**WHAT IS EXPECTED**
The records below are to be restated word for word; their pictures are not.

**RECORDS SUPPLIED**
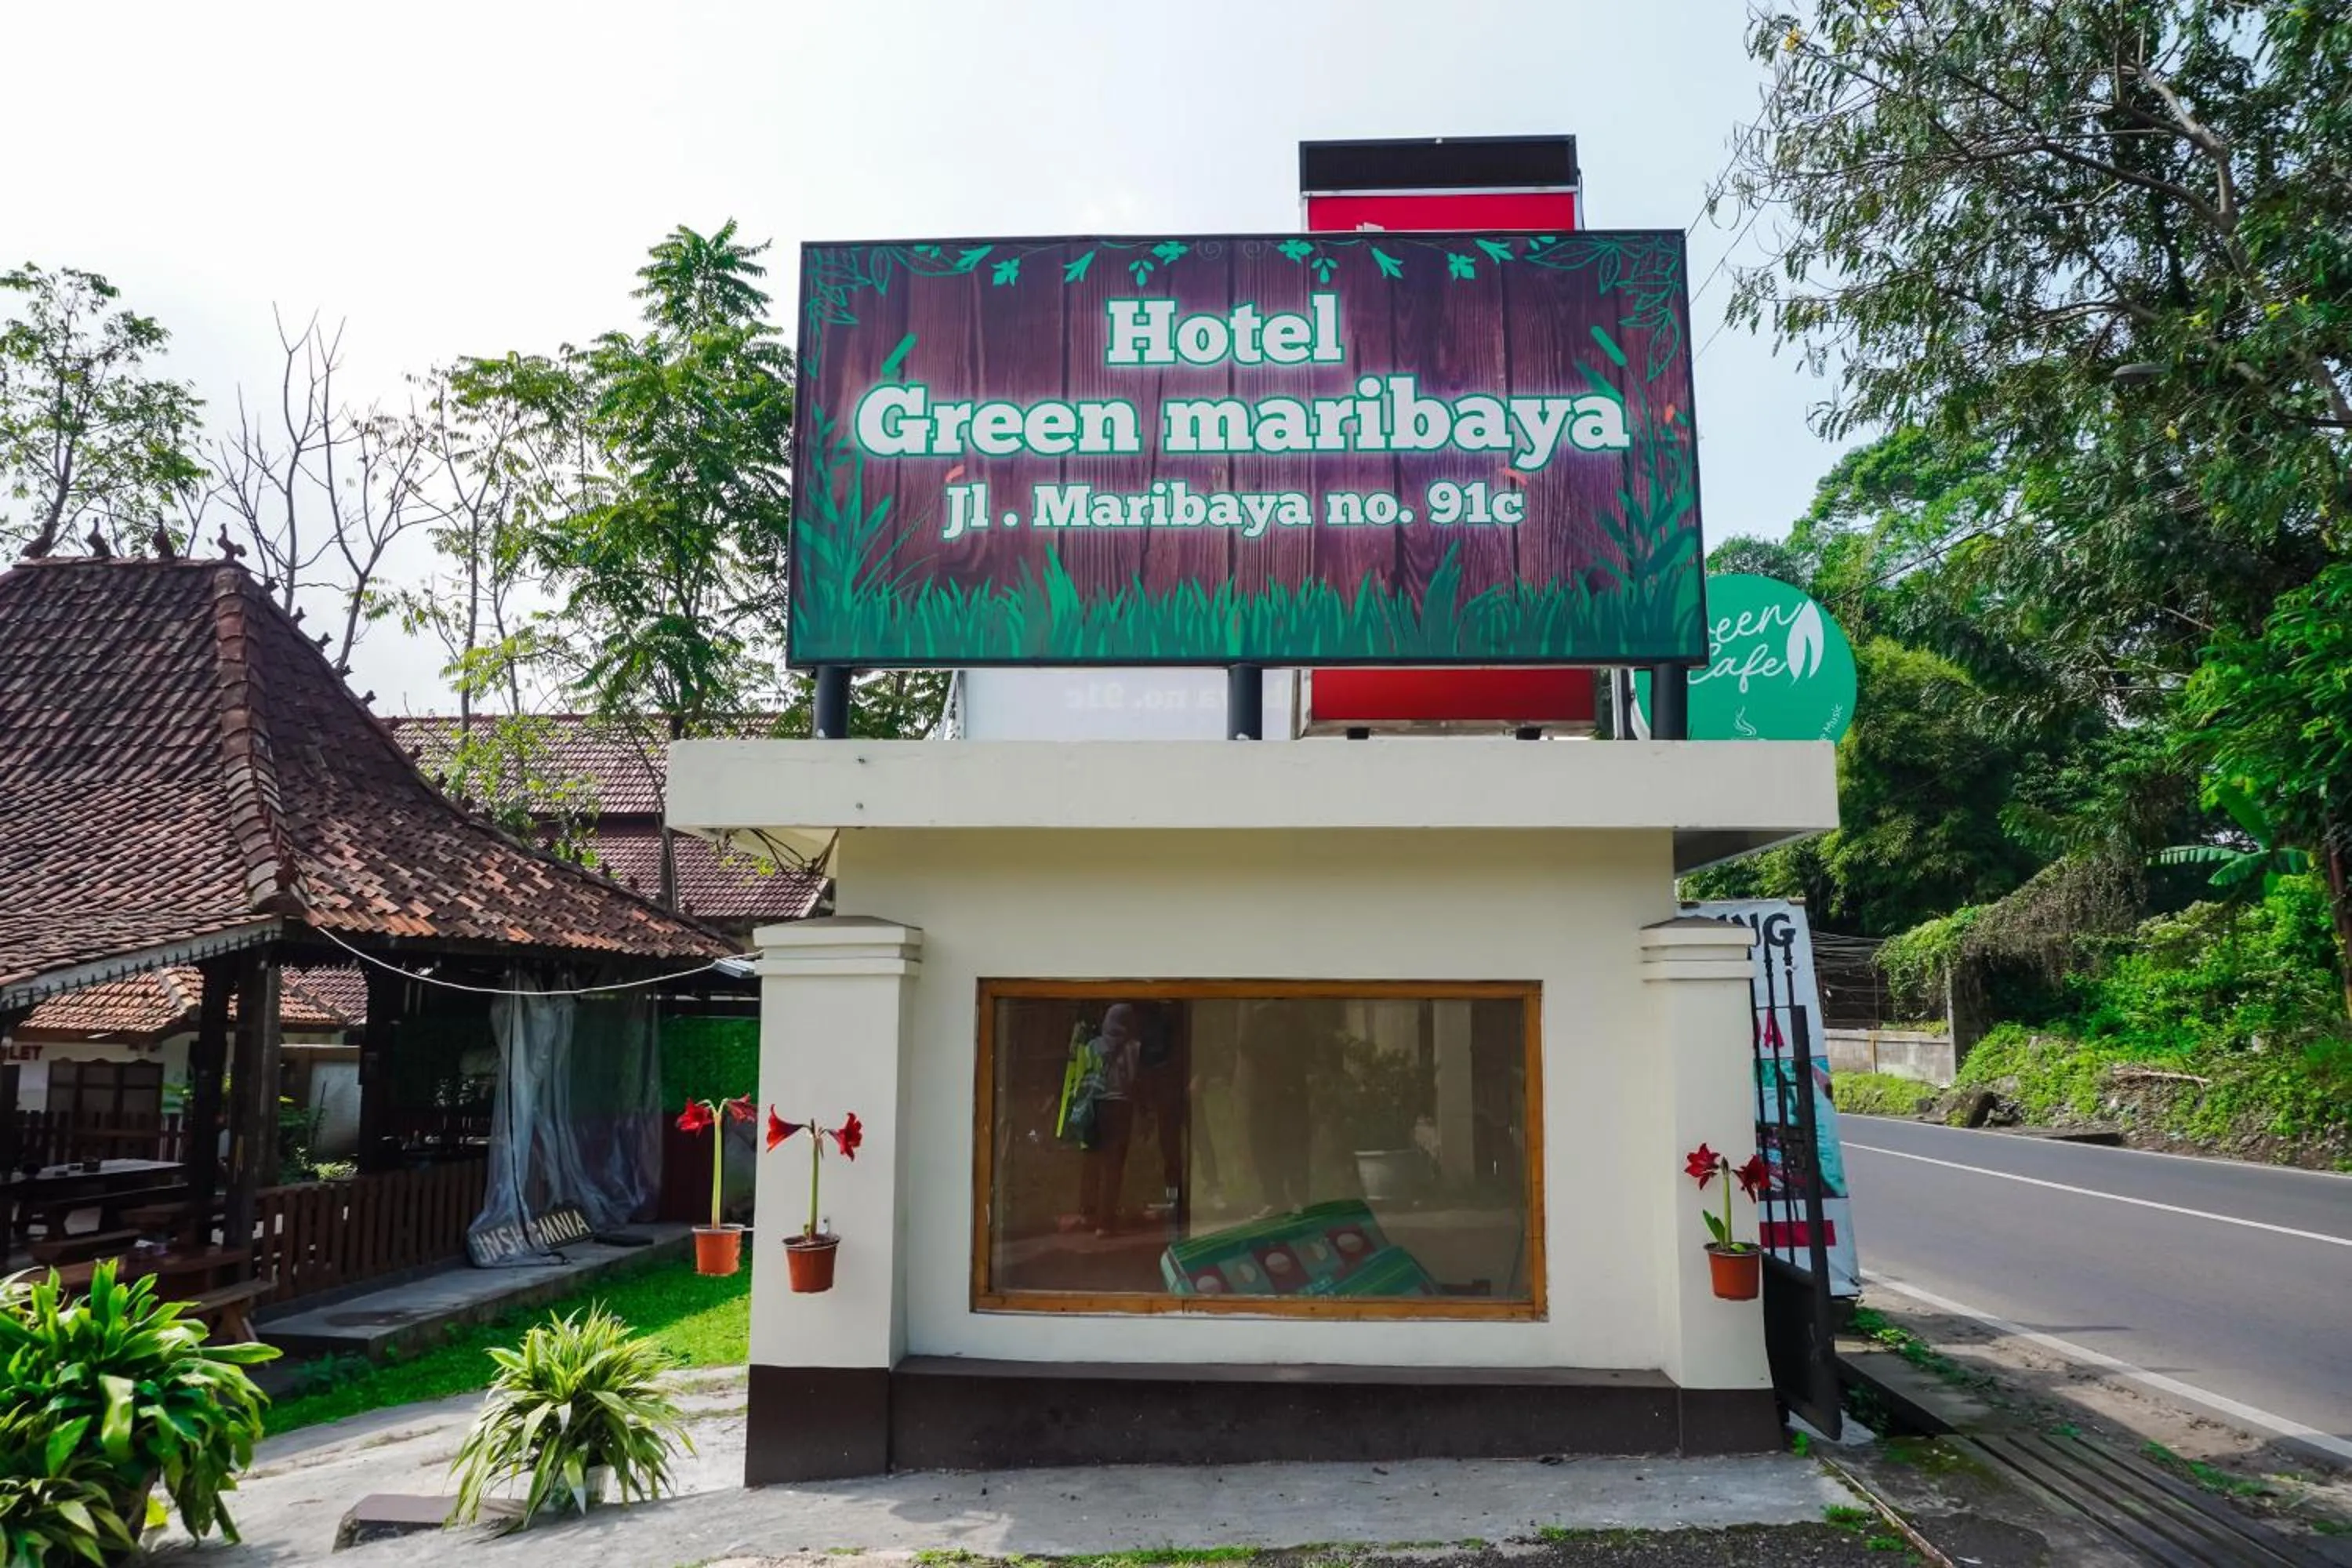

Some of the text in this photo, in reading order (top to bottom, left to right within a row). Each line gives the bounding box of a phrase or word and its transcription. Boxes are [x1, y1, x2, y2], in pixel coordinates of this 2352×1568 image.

[1106, 293, 1343, 364] Hotel
[855, 375, 1631, 470] Green maribaya
[1032, 480, 1312, 536] Maribaya
[1327, 491, 1414, 524] no.
[1428, 481, 1525, 524] 91c
[1709, 602, 1802, 643] een
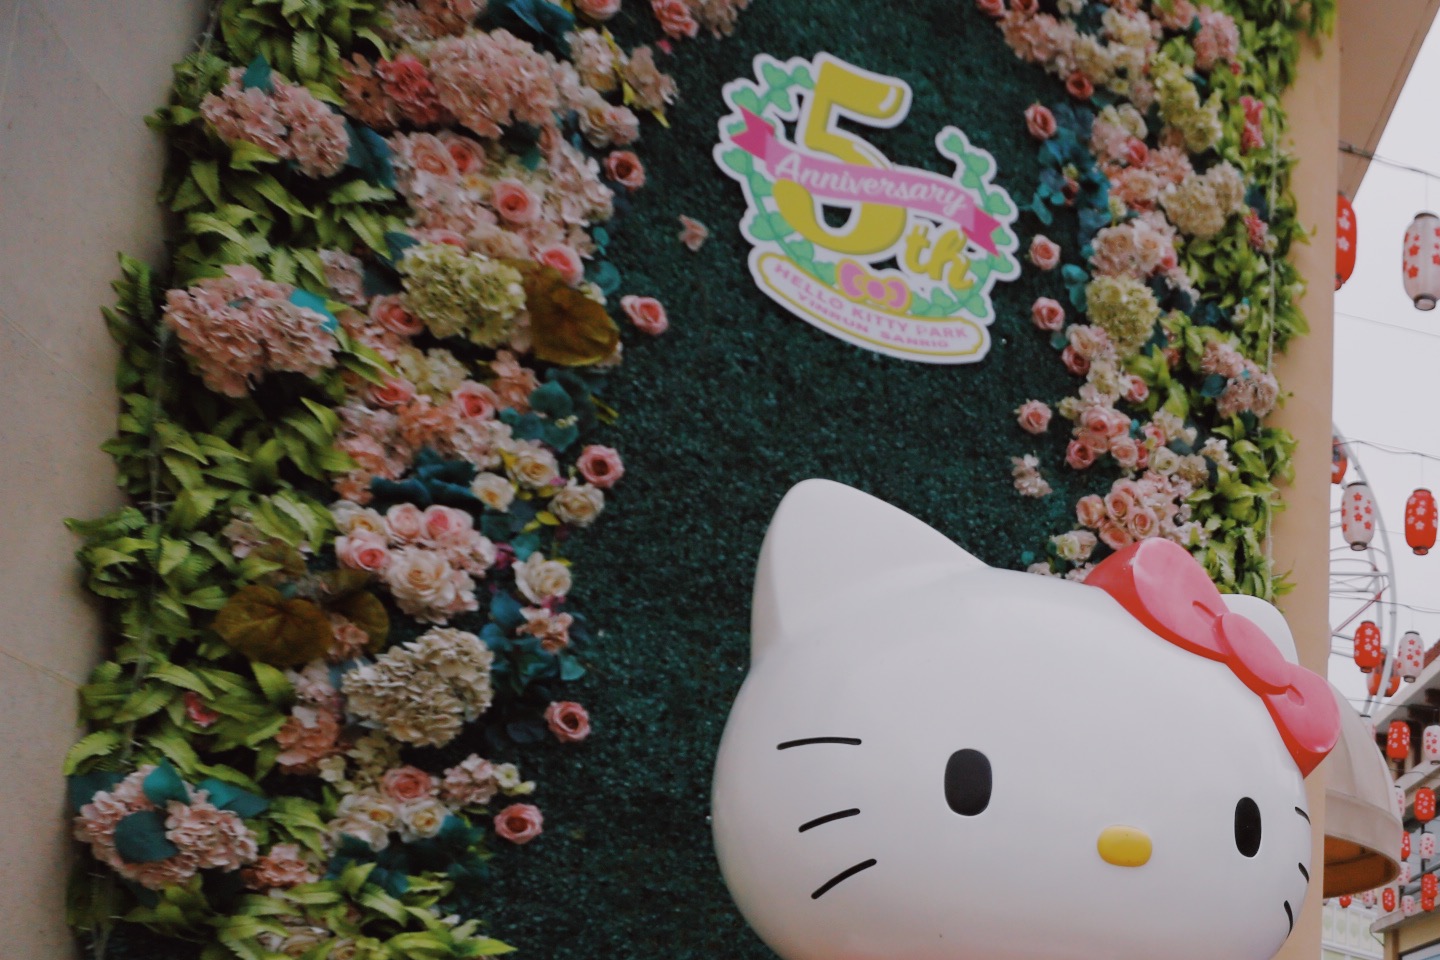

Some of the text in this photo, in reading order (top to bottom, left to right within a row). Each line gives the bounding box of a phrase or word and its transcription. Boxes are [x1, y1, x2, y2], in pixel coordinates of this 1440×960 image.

[774, 155, 967, 214] Anniversary
[774, 263, 968, 338] HELLO KITTY PARK
[880, 330, 950, 348] SANRIO
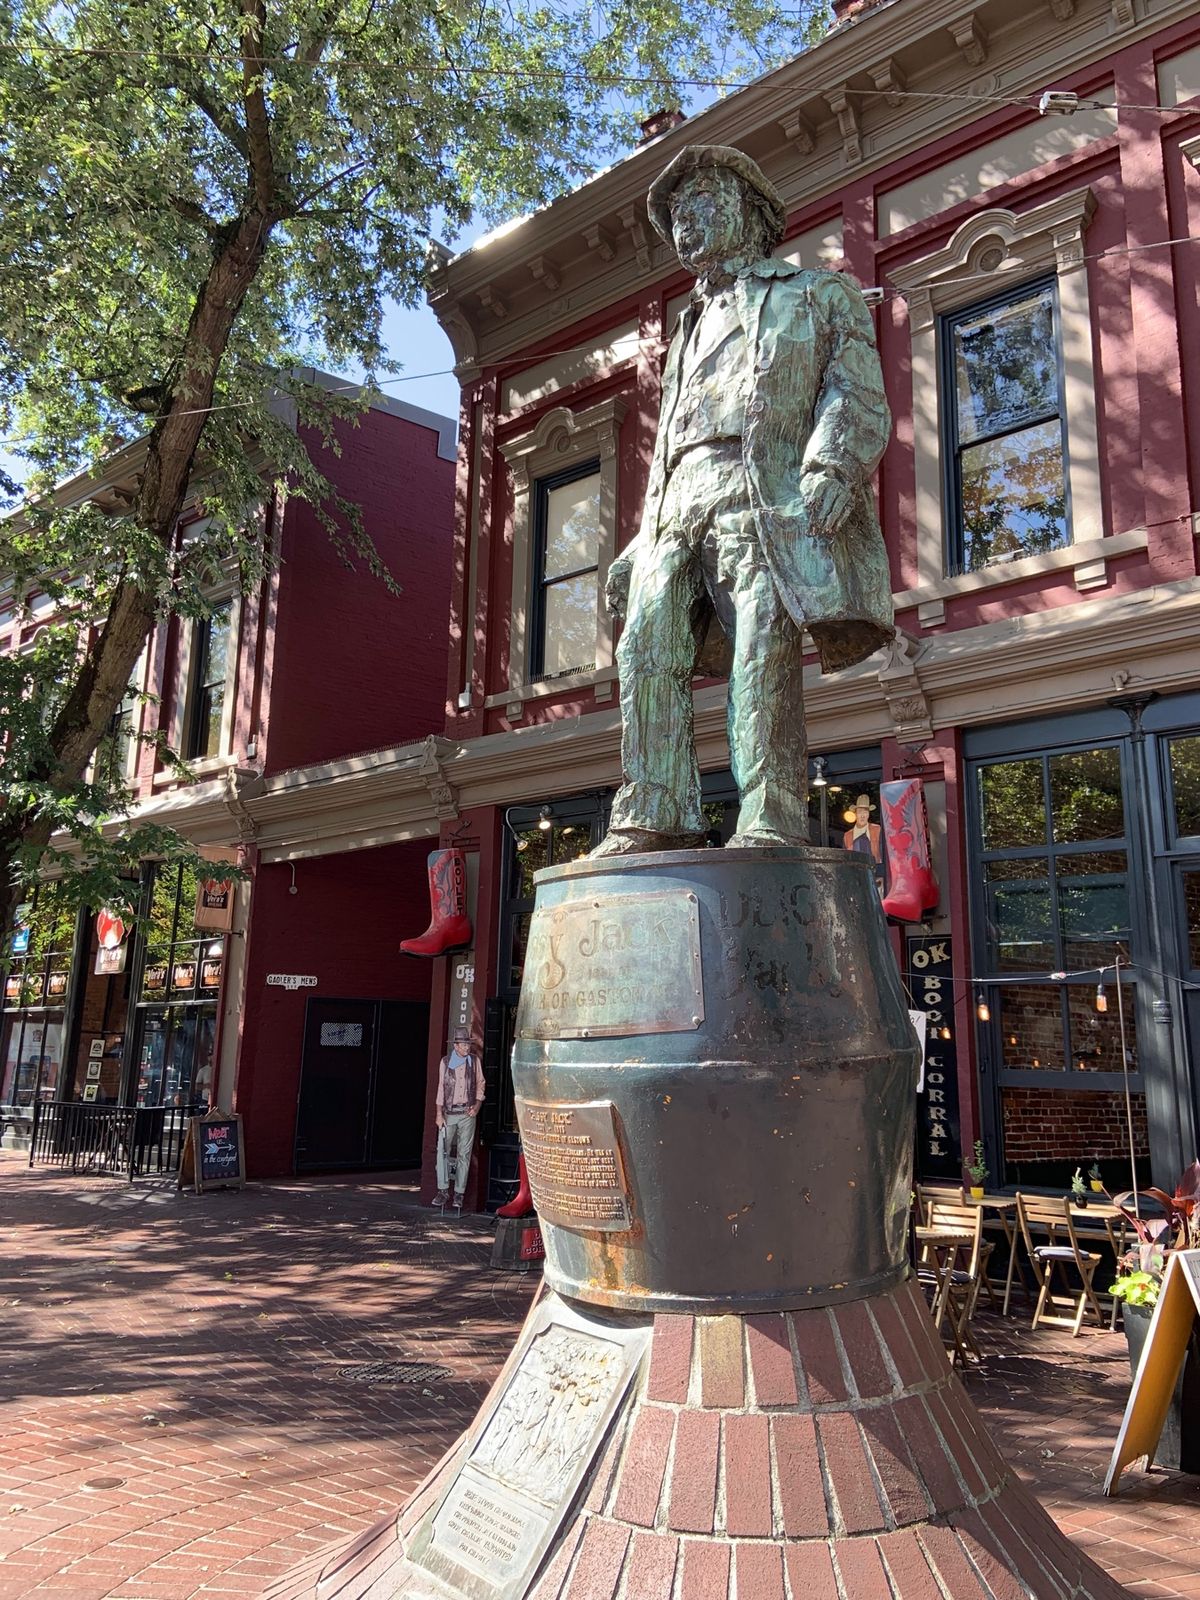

**TASK ANSWER**
Some of the text in this photo, in reading order (top to bottom, left to right within a row). Each line gives the bounding box of a phrase or word and its transcription. Boxes are [x1, y1, x2, y2], in pixel coordinates of this 2352×1568 image.

[1106, 293, 1343, 364] Hotel
[855, 375, 1631, 470] Green maribaya
[1032, 480, 1312, 536] Maribaya
[1327, 491, 1414, 524] no.
[1428, 481, 1525, 524] 91c
[1709, 602, 1802, 643] een

Some of the text in this photo, in reading order (top to bottom, left to right within a row). Each line gives the bounding box of a phrase or word and its transcription. Boxes are [x1, y1, x2, y2], in pixel coordinates of this 1440×960 image.

[774, 155, 967, 214] Anniversary
[774, 263, 968, 338] HELLO KITTY PARK
[880, 330, 950, 348] SANRIO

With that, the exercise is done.